How Do You Remove Sky Glare or Light Pollution From Your Night Sky Images?

If you enjoy taking pictures of the night sky but live in or near a city, light pollution can really ruin your images. Light pollution often causes an orange glow. Sometimes it manifests as a bright gray background instead of a deep black night sky. This light pollution causes stars and nebulae to fade or, at worst, disappear from view.

Light pollution, or sky glare, is caused by lighting from buildings and street lights at night. It is becoming a worsening problem in urban areas. Many people have never seen the Milky Way because of the amount of glow in the sky.

This step-by-step guide will show you how to remove the effects of light pollution and reveal faint stars from night sky images. It uses free to download GIMP software. This software allows you to modify pictures and images very similar to Photoshop.

How to Remove Light Pollution

The method outlined here will use the despeckle filter tool available in GIMP. This tool removes stars from a copy of your original image. This leaves you only a slightly dirty background. If this copy still contains any nebulae or particularly bright stars, you can remove them using the clone tool. To use the clone tool, select an area of ​​the background sky that doesn’t contain any nebulae or stars right next to the area you want to remove. Select the clean area and then paint the area you want to remove containing the stars. Once you are happy you have removed all details from the duplicate image, then you need to go to the layers dialog and select the mode. Choose to remove it from the drop down box and you will see before your eyes the slightly dirty background will disappear and all the stars will reappear in a beautiful ink black night sky.

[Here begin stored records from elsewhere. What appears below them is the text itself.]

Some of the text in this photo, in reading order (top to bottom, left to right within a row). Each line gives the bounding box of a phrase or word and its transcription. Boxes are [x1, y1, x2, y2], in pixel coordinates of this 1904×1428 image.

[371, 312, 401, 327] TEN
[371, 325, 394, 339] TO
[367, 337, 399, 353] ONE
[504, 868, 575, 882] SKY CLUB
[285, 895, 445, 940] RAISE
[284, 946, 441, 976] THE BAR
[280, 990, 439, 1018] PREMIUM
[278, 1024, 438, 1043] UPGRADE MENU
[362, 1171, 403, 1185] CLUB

The section below provides a step-by-step guide on performing the entire process in GIMP. So install GIMP and follow the instructions below.

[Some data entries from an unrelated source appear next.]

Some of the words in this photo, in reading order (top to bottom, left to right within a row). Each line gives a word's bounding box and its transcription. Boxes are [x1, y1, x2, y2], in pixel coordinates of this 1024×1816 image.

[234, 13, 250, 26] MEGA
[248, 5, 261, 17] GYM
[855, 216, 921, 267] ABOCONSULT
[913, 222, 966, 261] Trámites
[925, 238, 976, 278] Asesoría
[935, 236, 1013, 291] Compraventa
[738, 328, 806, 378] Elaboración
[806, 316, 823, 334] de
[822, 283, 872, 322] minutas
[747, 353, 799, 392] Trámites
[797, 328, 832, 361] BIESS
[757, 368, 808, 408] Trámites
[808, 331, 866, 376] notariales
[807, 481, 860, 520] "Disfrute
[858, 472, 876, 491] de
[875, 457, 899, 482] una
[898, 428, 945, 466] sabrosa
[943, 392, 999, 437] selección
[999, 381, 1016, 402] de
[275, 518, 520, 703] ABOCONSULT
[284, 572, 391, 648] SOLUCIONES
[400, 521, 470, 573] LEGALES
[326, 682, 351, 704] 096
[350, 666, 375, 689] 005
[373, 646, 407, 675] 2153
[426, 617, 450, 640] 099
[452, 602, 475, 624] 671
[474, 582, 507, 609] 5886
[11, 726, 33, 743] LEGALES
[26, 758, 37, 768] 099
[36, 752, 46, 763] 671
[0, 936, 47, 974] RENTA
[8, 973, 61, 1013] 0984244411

1. File > Open and select the image you want to work with.

2. In the Layer dialog, right-click the image and click duplicate layer.

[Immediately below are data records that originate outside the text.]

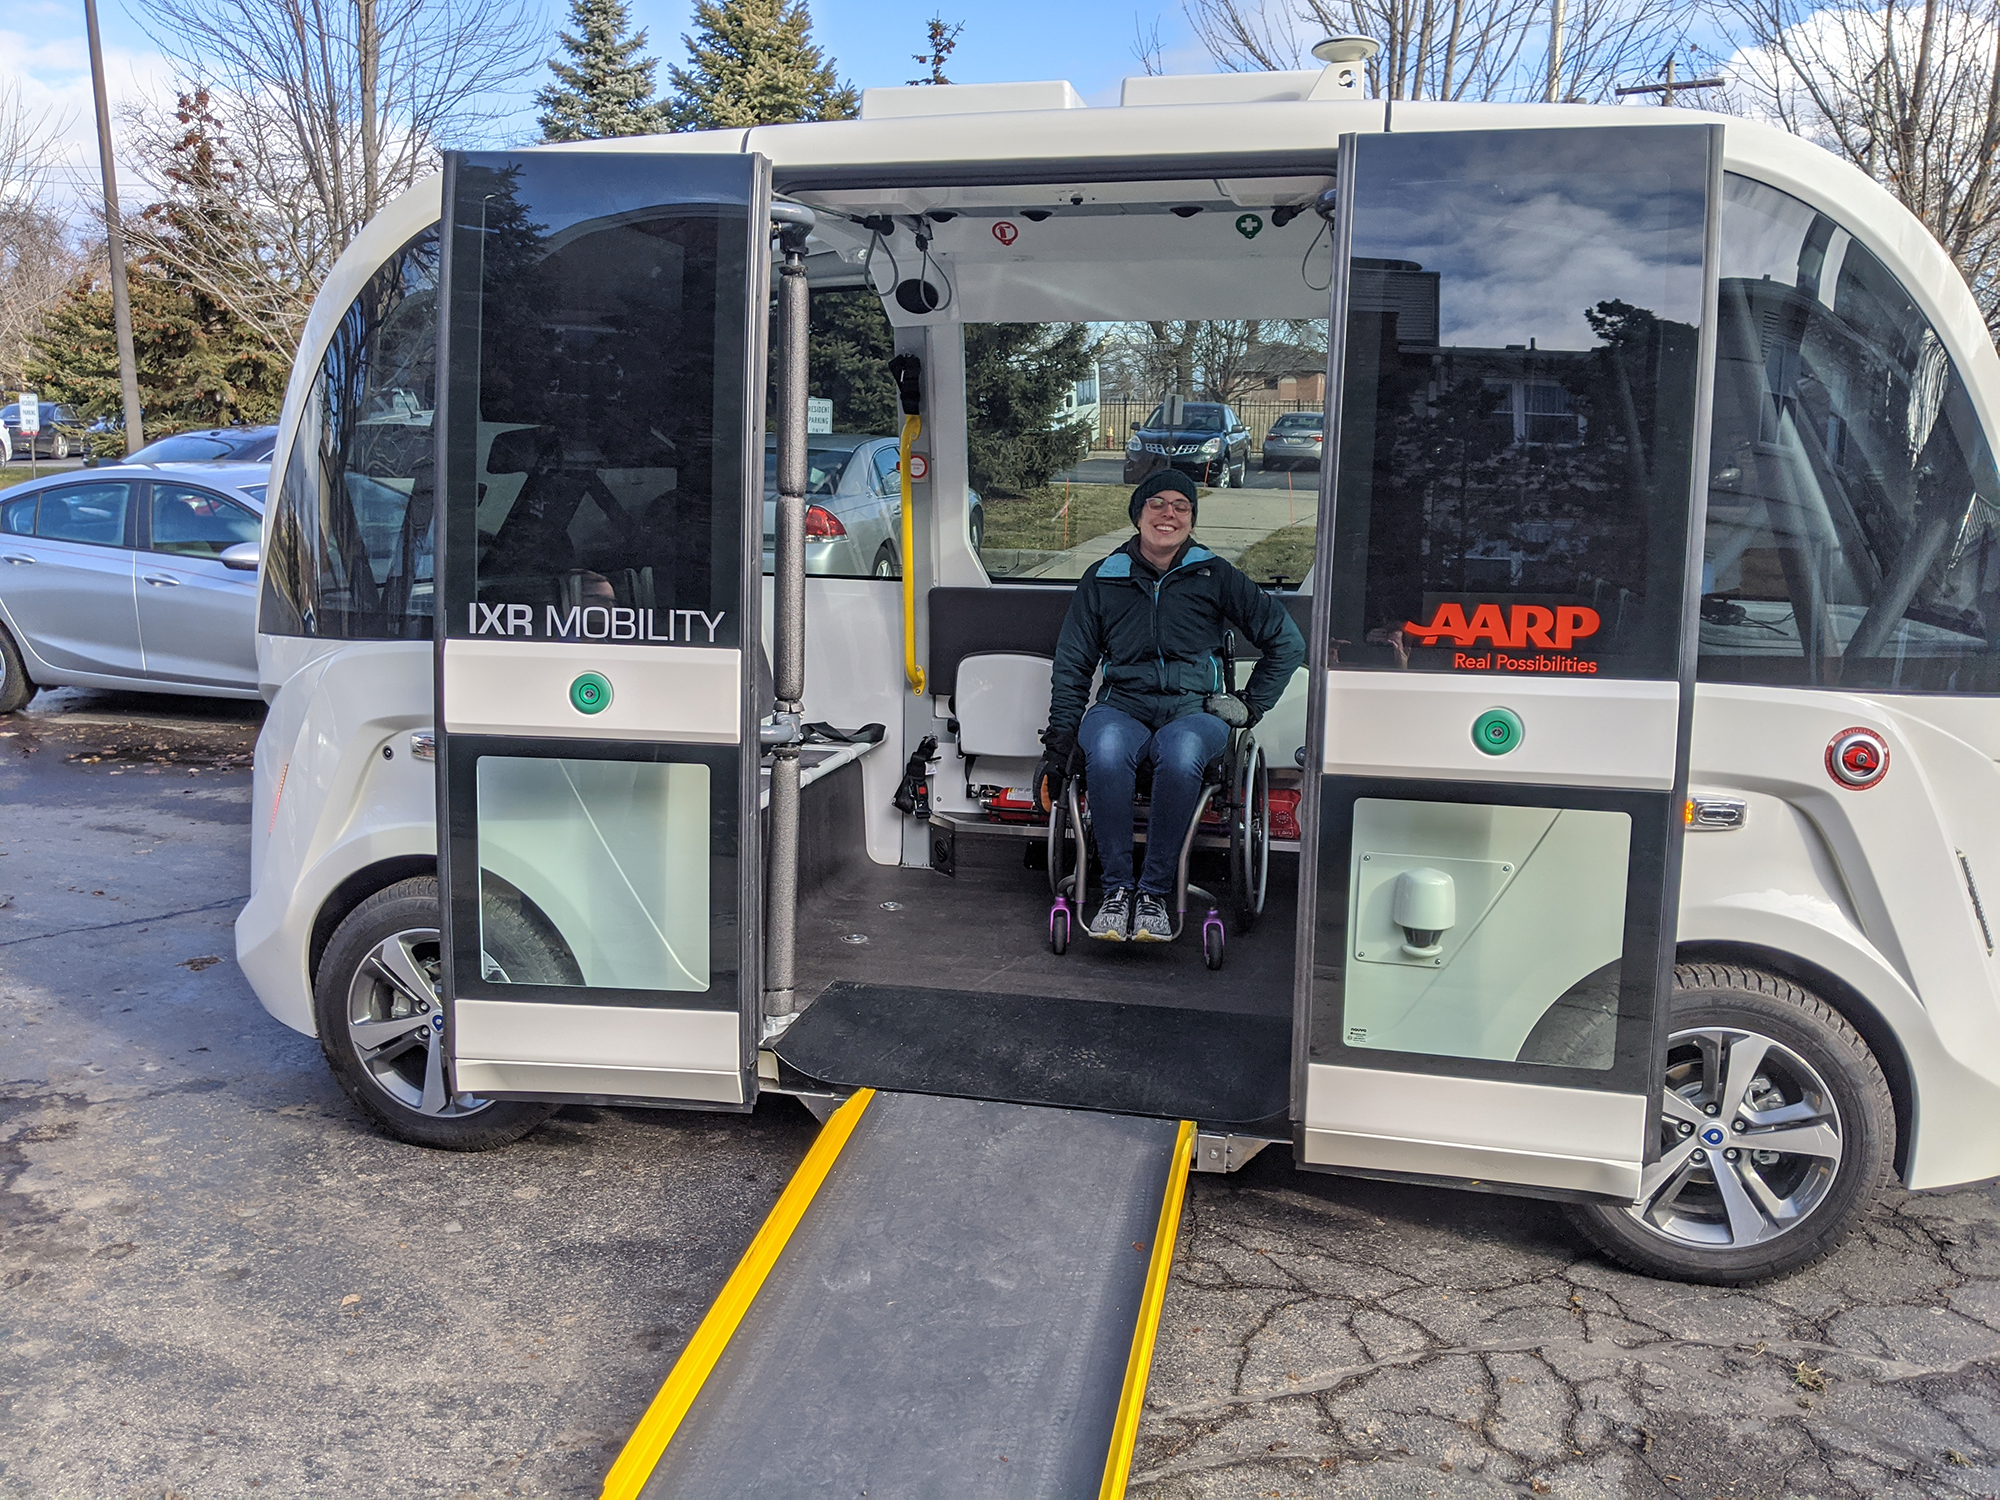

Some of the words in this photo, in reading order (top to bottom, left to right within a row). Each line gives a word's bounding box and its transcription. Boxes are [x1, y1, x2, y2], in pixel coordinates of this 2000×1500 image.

[808, 405, 830, 413] RESIDENT
[808, 416, 829, 424] PARKING
[468, 602, 534, 636] IXR
[546, 604, 726, 643] MOBILITY
[1403, 602, 1601, 649] AARP
[1454, 652, 1491, 669] Real
[1496, 653, 1598, 673] Possibilities

3. Now click on Filters > enhance > despeckle menu.

4. You should now be able to see the despeckle box. Uncheck Adaptive and make sure recursion is unchecked.

5. Set the Radius to 30, Black to -1 and White to 256 and click OK.

6. In the Layer box, make sure the duplicate layer is selected, then click on the mode and choose to remove.

7. Then choose Image > Straighten Image from the menu.

8. Now save your image and show your friends and family amazing images of night sky and constellations.

If you can still see nebulae, galaxies, planets, Milky Way, or bright stars in the image after you clear the speckles, you can remove them using the clone tool. This is outlined above.

Enjoy your newly found clear sky images.